Rétablir cette possibilité de médiation est alors le moyen de stimuler
et de faire évoluer les capacités d'apprentissage.
Selon Reuven Feuerstein, «toute personne est capable de changement, quels que soient son âge, son handicap et la gravité de ce handicap. Les enfants différents ont simplement besoin d'un surcroît d'attention et d'investissement personnel.»
Mais pour qu'un changement se produise, il faut qu'il y
ait médiation humaine. C'est là le deuxième pilier de la pensée du professeur
Feuerstein. Le médiateur est la personne
qui s'interpose entre l'enfant et le monde, qui interprète pour l'enfant ses expériences, qui réordonne, organise,
regroupe, structure les stimuli auxquels l'enfant est exposé, en les orientant
vers un objectif donné. Et c'est cette
médiation qui crée chez l'enfant la disposition à apprendre.
Les critères de
la médiation
Au fil des années,
Reuven Feuerstein et son équipe élaborent les modalités de cette
médiation. Ils définissent trois
critères importants : l'intentionnalité, la transcendance et le sens. La médiation doit d'abord être animée par
l'intention : si, par exemple, j'apprends à un enfant certains mots, ce
peut être dans l'intention de le rendre capable de construire d'autres mots. Cette intention doit toujours rester présente
dans l'esprit du médiateur. La
transcendance, elle, est la volonté de dépasser les besoins immédiats de
l'enfant pour en créer de nouveaux : je peux apprendre à un enfant à
utiliser des couverts pour manger ... niais si, en même temps, je lui apprends
à se laver les mains avant le repas, j'élargis le champ du besoin immédiat à
des comportements qui deviendront des besoins secondaires. Et enfin, l'enfant doit comprendre le sens
des actions du médiateur, quels buts il poursuit et pourquoi. C'est la médiation de la signification.
Trouver le
passage pour la médiation
Selon la théorie
du professeur Feuerstein, c'est la rareté ou le manque de médiation humaine qui
sont à l'origine d'un développement intellectuel insuffisant. C'est une approche totalement nouvelle.
«L'attitude traditionnelle est de dire: un enfant trisomique est retardé parce
qu'il a trois chromosomes au lieu de deux, explique Rafi Feuerstein, fils de
Reuven Feuerstein et vice directeur de l'institut. Nous, nous disons: sa trisomie crée une
situation qui bloque le passage de la médiation - d'où son retard. Notre rôle est de trouver les interstices
dans la muraille et d'y faire pénétrer la médiation, qui entraînera le
changement.
Cette théorie du
changement et de l'apprentissage par médiation a donné naissance à deux
applications pratiques: la méthode d'évaluation dynamique du potentiel
d'apprentissage et le programme d'enrichissement instrumental (PEI).
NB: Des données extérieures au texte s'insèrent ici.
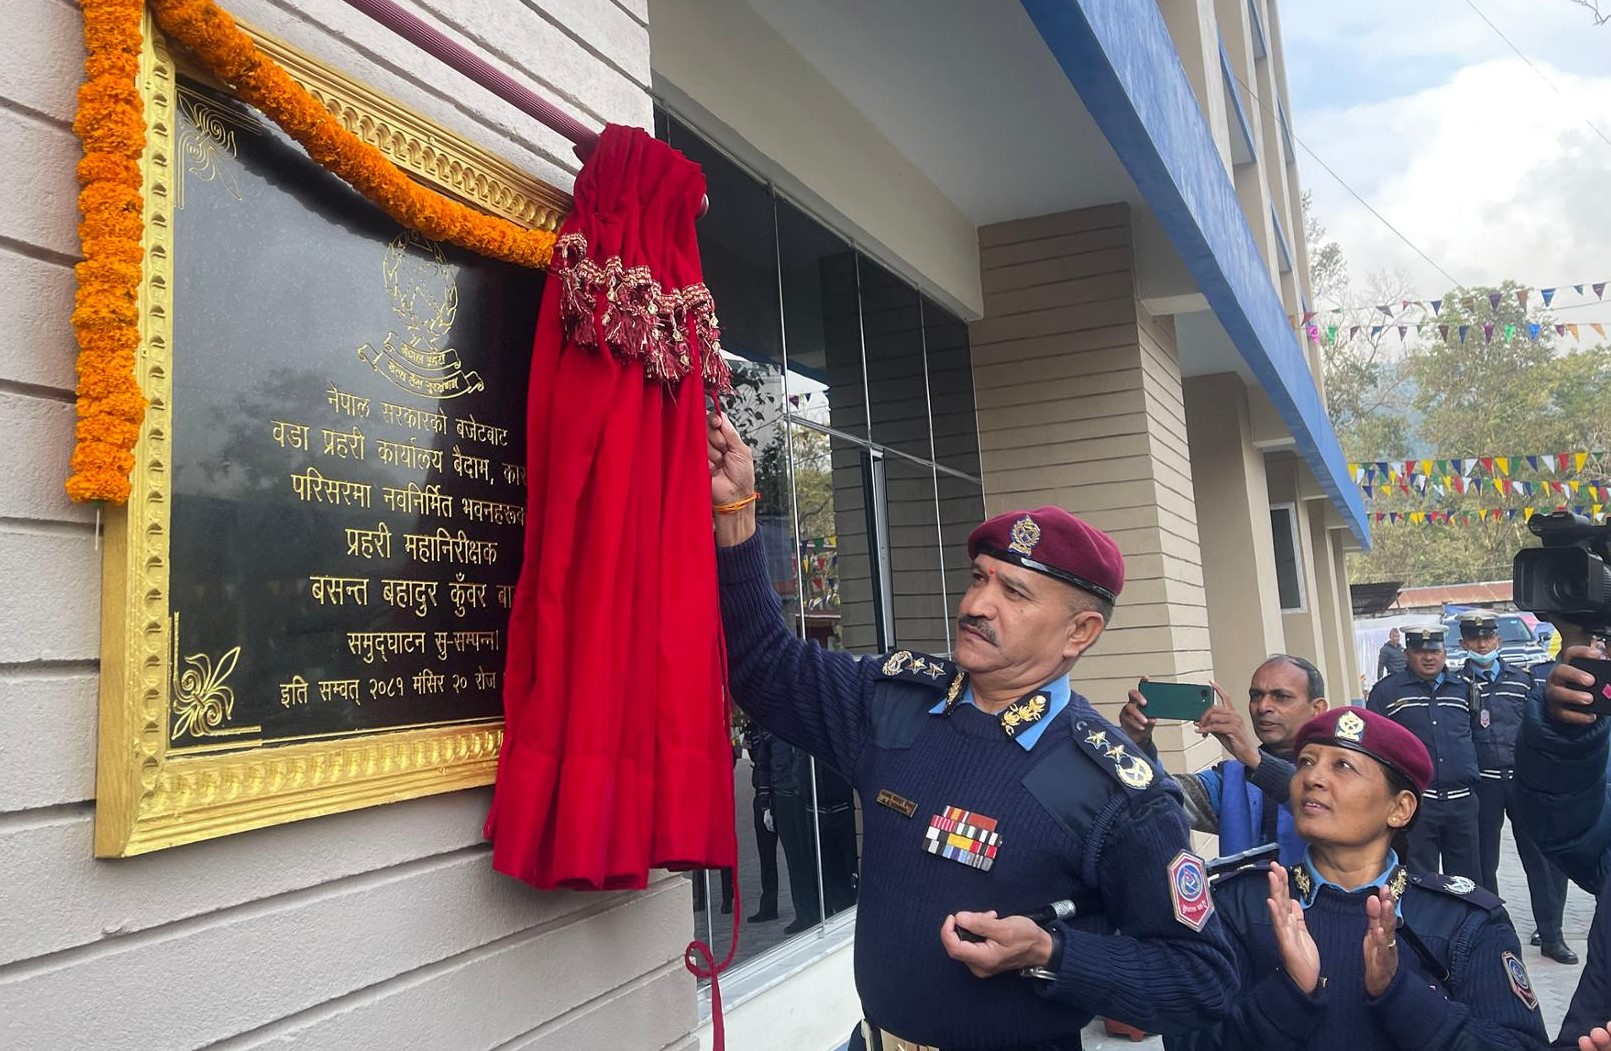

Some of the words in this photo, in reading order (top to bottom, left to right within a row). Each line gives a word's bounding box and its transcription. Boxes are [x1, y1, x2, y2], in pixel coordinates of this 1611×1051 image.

Des outils pédagogiques qui, à travers la
médiation, s'appuient sur une attitude commune : valoriser l'enfant au
maximum en évitant toujours de le mettre en échec.
La méthode Feuerstein a forgé ses propres outils pédagogiques, qui ont transformé la vie de milliers d'enfants. Les deux principaux sont la méthode d'évaluation dynamique du potentiel d'apprentissage - alternative à la rigidité des tests de Q.I. - et le programme d'enrichissement instrumental (PEI), un programme éducatif qui permet l'évolution et le développement des fonctions cognitives.
De nombreux
enfants viennent de tous les pays du monde à l'ICELP pour une évaluation
(environ un millier par an et la liste d'attente se chiffre par
centaines). Les problèmes dont souffrent
ces enfants sont multiples: retard dans le développement, dyslexie, problèmes
sensoriels, émotionnels, troubles du comportement, hyperactivité, épilepsie,
autisme ... Des situations qui toutes entravent la capacité de l'enfant à
apprendre.
« Les tests
traditionnels d'intelligence durent quelques heures,
au terme desquelles
l'enfant est catalogué avec un chiffre (son QI) qui va lui rester attribué
toute sa vie et qui déterminera son orientation. Ici - explique le professeur Steven Gross,
psychologue responsable de la prise en charge des évaluations - une évaluation dure
au minimum dix jours. Y participent des
psychologues, des neurologues, des thérapeutes du langage, Une évaluation se
déroule en trois temps: test, explication, post-test. Nous faisons passer à l'enfant des tests
adaptés à son âge et à son niveau, qui ne s'appuient pas sur des connaissances
préalables.
Nous observons
comment il procède, puis nous lui montrons ce qu'il faut faire pour réussir le
test. Enfin nous mesurons comment il a
assimilé ce que nous lui avons enseigné ... »
Evaluer le
potentiel d'apprentissage
Lors d'un test
traditionnel, l'examinateur n'intervient jamais.
Dans la méthode à
trois temps de Reuven Feuerstein, l'examinateur intervient sans cesse-. il fait
des remarques, demande et donne des explications, fait répéter des opérations,
interprète les résultats, anticipe les difficultés, suscitant ainsi chez
l'enfant une intense activité de réflexion.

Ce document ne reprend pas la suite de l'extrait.